=== Begin Enclosure ===
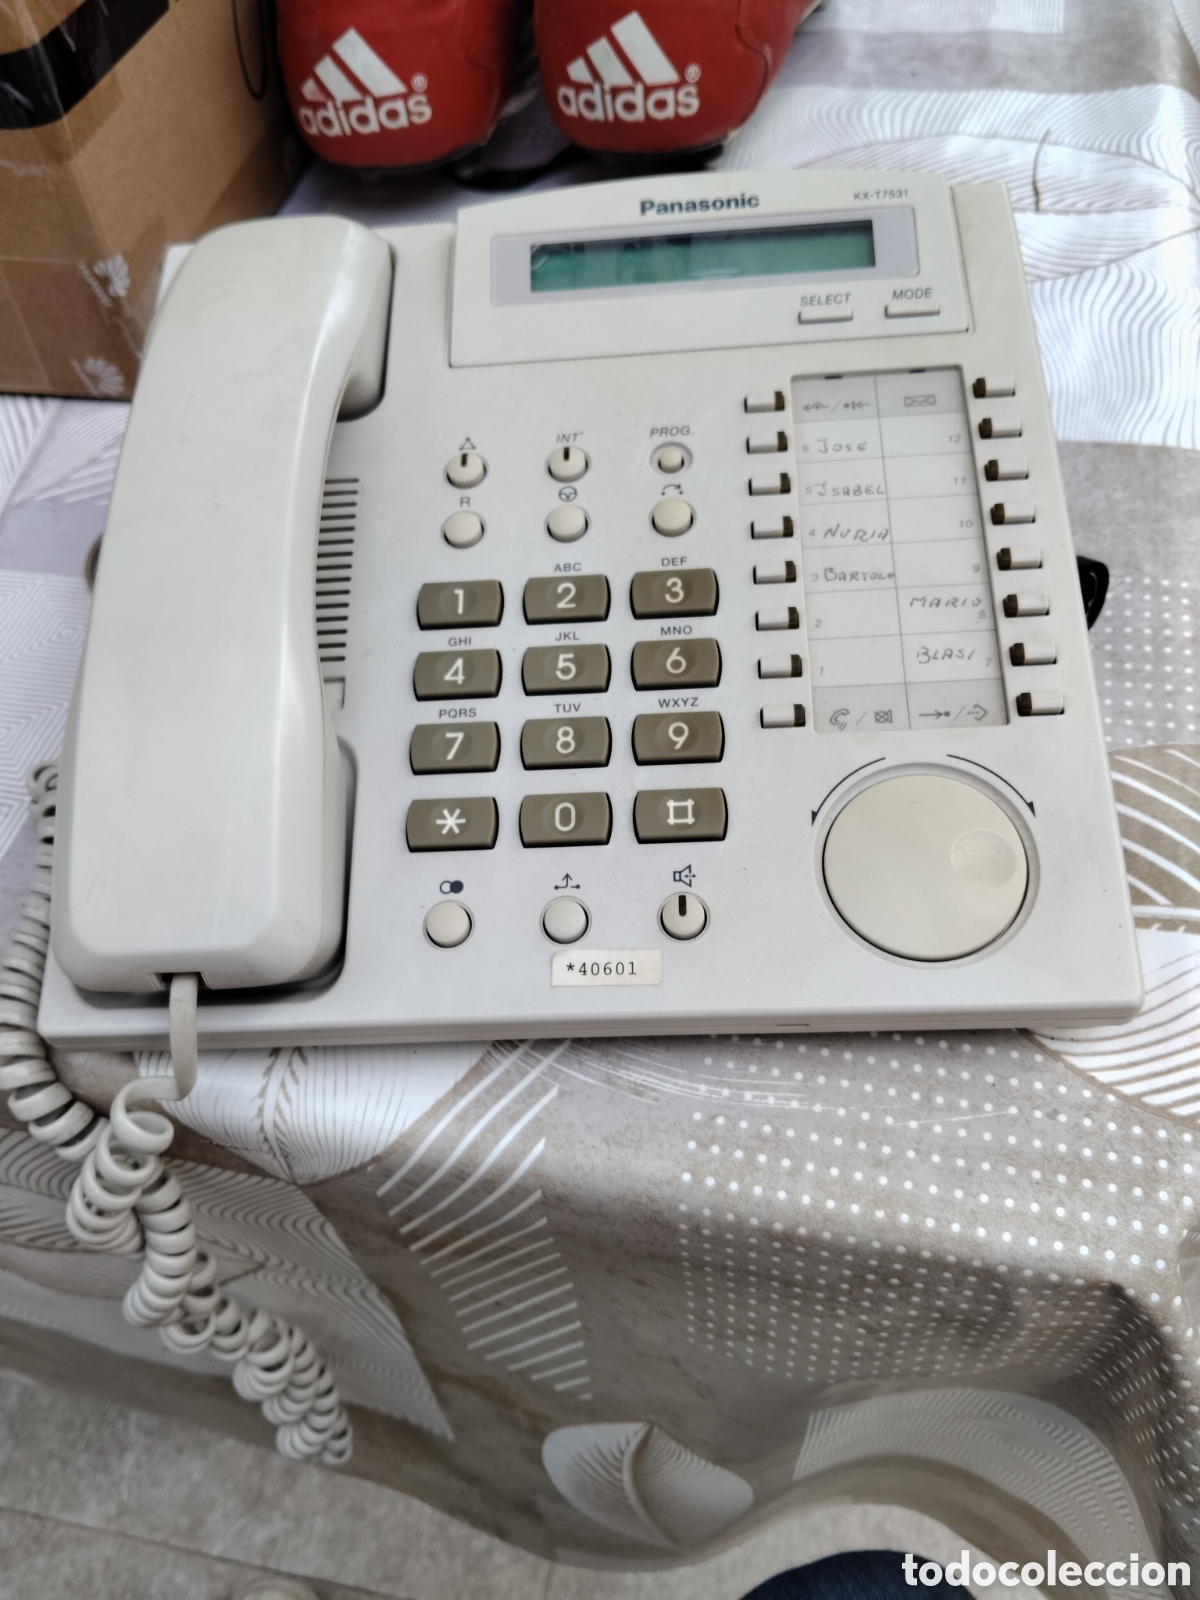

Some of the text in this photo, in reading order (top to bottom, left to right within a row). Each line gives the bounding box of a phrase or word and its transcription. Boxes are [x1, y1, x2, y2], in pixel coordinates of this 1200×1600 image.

[557, 76, 700, 122] adidas
[300, 90, 433, 138] adidas
[853, 189, 908, 201] KX-T7531
[640, 192, 760, 217] Panasonic
[799, 292, 852, 308] SELECT
[891, 287, 933, 301] MODE
[650, 425, 694, 438] PROG.
[948, 434, 962, 444] 12
[953, 476, 966, 486] 11
[805, 485, 812, 495] 5
[459, 496, 471, 508] R
[959, 519, 973, 529] 10
[808, 523, 890, 543] 4 NURIA
[554, 562, 582, 573] ABC
[661, 556, 688, 568] DEF
[972, 564, 980, 574] 9
[811, 573, 819, 583] 3
[556, 582, 577, 609] 2
[664, 577, 685, 603] 3
[454, 588, 465, 615] 1
[909, 595, 982, 608] MARIO
[978, 609, 986, 620] 8
[814, 619, 822, 629] 2
[660, 625, 693, 636] MNO
[448, 637, 472, 647] GHI
[555, 632, 580, 642] JKL
[555, 653, 576, 680] 5
[666, 647, 687, 674] 6
[985, 657, 992, 668] 7
[444, 657, 465, 685] 4
[554, 703, 582, 713] TUV
[658, 697, 699, 708] WXYZ
[439, 708, 477, 719] PQRS
[555, 726, 576, 754] 8
[668, 722, 689, 750] 9
[445, 732, 465, 760] 7
[555, 802, 576, 832] 0
=== End Enclosure ===
▶ Your goal: Give the entries again without a single change, but with no pictures.

▶ The answer:
Some of the text in this photo, in reading order (top to bottom, left to right within a row). Each line gives the bounding box of a phrase or word and its transcription. Boxes are [x1, y1, x2, y2], in pixel coordinates of this 1200×1600 image.

[557, 76, 700, 122] adidas
[300, 90, 433, 138] adidas
[853, 189, 908, 201] KX-T7531
[640, 192, 760, 217] Panasonic
[799, 292, 852, 308] SELECT
[891, 287, 933, 301] MODE
[650, 425, 694, 438] PROG.
[948, 434, 962, 444] 12
[953, 476, 966, 486] 11
[805, 485, 812, 495] 5
[459, 496, 471, 508] R
[959, 519, 973, 529] 10
[808, 523, 890, 543] 4 NURIA
[554, 562, 582, 573] ABC
[661, 556, 688, 568] DEF
[972, 564, 980, 574] 9
[811, 573, 819, 583] 3
[556, 582, 577, 609] 2
[664, 577, 685, 603] 3
[454, 588, 465, 615] 1
[909, 595, 982, 608] MARIO
[978, 609, 986, 620] 8
[814, 619, 822, 629] 2
[660, 625, 693, 636] MNO
[448, 637, 472, 647] GHI
[555, 632, 580, 642] JKL
[555, 653, 576, 680] 5
[666, 647, 687, 674] 6
[985, 657, 992, 668] 7
[444, 657, 465, 685] 4
[554, 703, 582, 713] TUV
[658, 697, 699, 708] WXYZ
[439, 708, 477, 719] PQRS
[555, 726, 576, 754] 8
[668, 722, 689, 750] 9
[445, 732, 465, 760] 7
[555, 802, 576, 832] 0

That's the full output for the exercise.